Scientists continue to search for life on other planets and moons in our Solar System. There are some contenders: Jupiter’s Europa and Saturn’s Enceladus, despite their frozen, forbidding surfaces, are hiding vast oceans beneath the ice – among several moons with subsurface oceans and hence there is the possibility of some form of microbial life being present.
Research, arising from the University of Arizona, suggests geochemical processes, as currently known, do not offer an adequate explanation for the levels of methane measured by the Cassini spacecraft on Saturn’s icy moon.
The inference is that conditions for life may exist on Enceladus, since the data is consistent with microbial activity similar to that known to occur at hydrothermal vents in Earth’s oceans. However, it is important to note that similar conditions do not mean that life does exist, only that it could exist.
Enceladus is the sixth-largest moon of Saturn. The satellite is about 500 kilometers in diameter, about a tenth of that of Saturn’s largest moon, Titan. Enceladus is covered by fresh, clean ice and it appears as a highly reflective object within the Solar System. The moon has some remarkable characteristics; for example, buried beneath 20 kilometers of ice, the subsurface ocean of Enceladus appears to be churning with currents akin to those on Earth. This subsurface ocean produces regular geyser-like eruptions.
By travelling through the plumes and by sampling the chemical makeup, Cassini detected a relatively high concentration of specified molecules that are associated with hydrothermal vents on the bottom of Earth’s oceans. Of interest were dihydrogen, methane, and carbon dioxide.
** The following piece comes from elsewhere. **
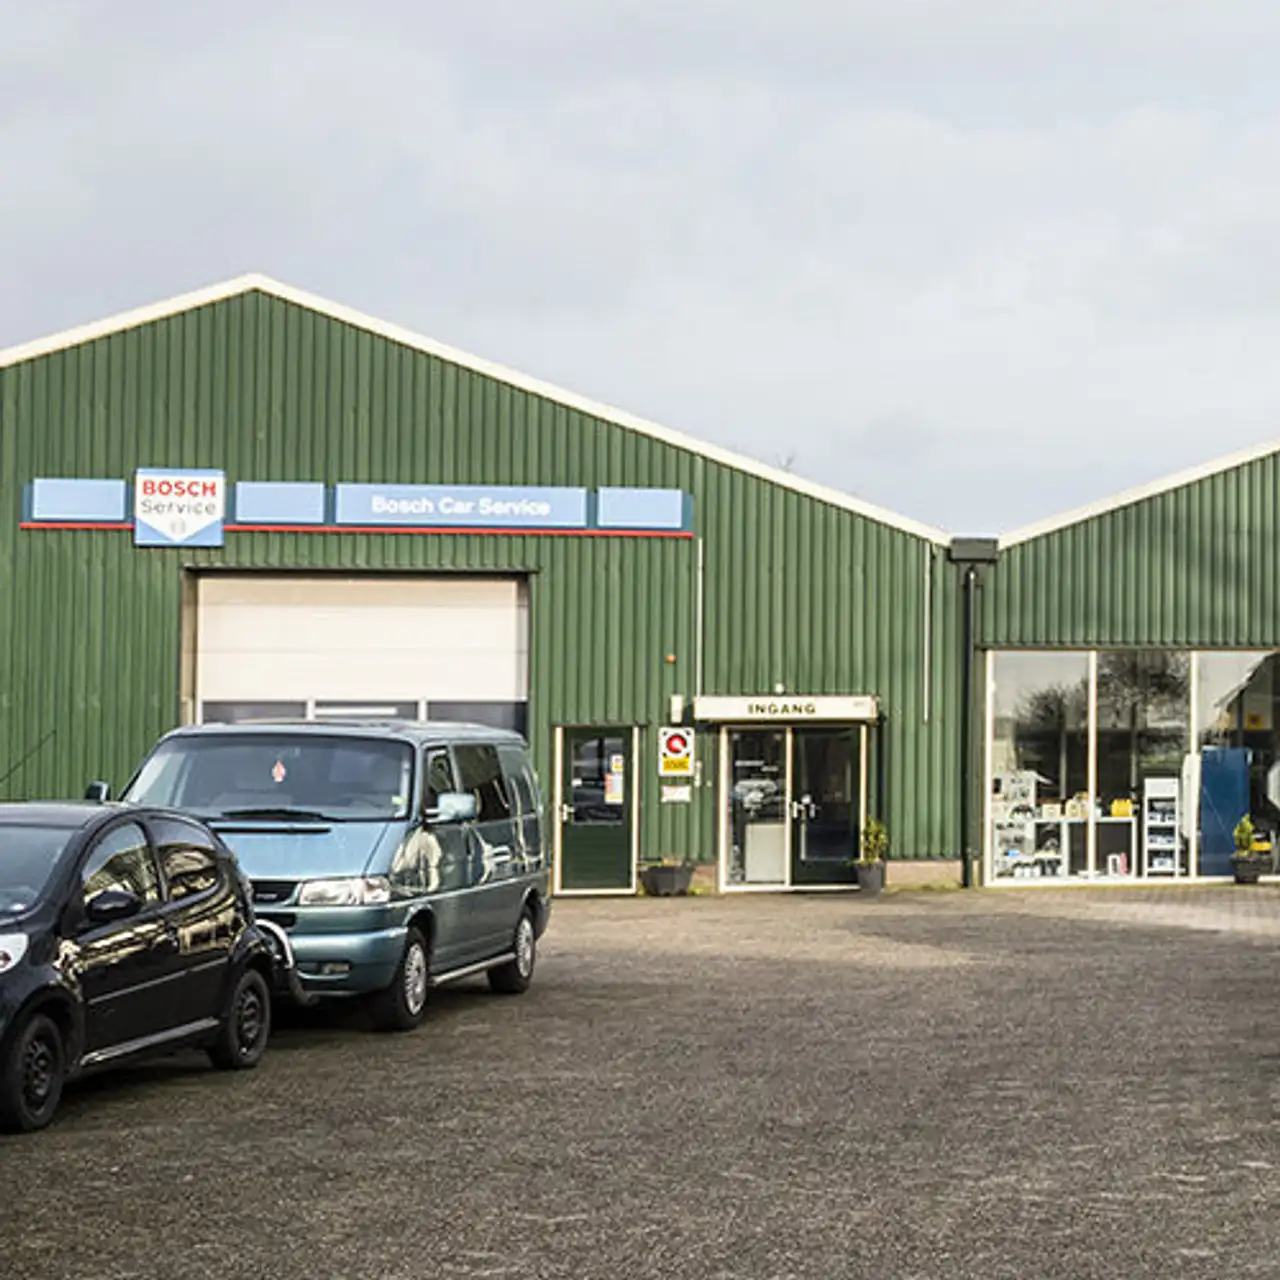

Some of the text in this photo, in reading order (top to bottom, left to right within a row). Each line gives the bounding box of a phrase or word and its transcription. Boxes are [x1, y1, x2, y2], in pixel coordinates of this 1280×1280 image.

Of these, the amount of methane found in the plumes was regarded by the science team as particularly unexpected
Cassini was the fourth space probe to visit Saturn and the first to enter its orbit. While the data from the mission continues to be assessed, scientists have already discovered propeller-like formations on Saturn, witnessed the possible birth of a new moon and observed the most active, chaotic rings within the Solar System (this is Saturn’s F ring).
The finding leads to the theoretical possibility that Earth-like bacteria (such as methanogens) that function to ‘eat’ dihydrogen and produce methane. Such a presence may explain the surprisingly large amount of methane detected by Cassini.
The possibility arises from analyzing the collected data from the perspectives of geochemistry and microbial ecology. A model based on these inputs , based on a given set of chemical conditions, such as the dihydrogen concentration in the hydrothermal fluid, plus readings of temperature, finds that the conditions could provide a suitable environment for certain bacteria to thrive.
The presence of the right chemical mix might be a consequence of Enceladus most likely having been formed through the accretion of organic-rich material supplied by comets during the earlier days of the Solar System.
The research appears in the journal Nature Astronomy, titled “Bayesian analysis of Enceladus’s plume data to assess methanogenesis.”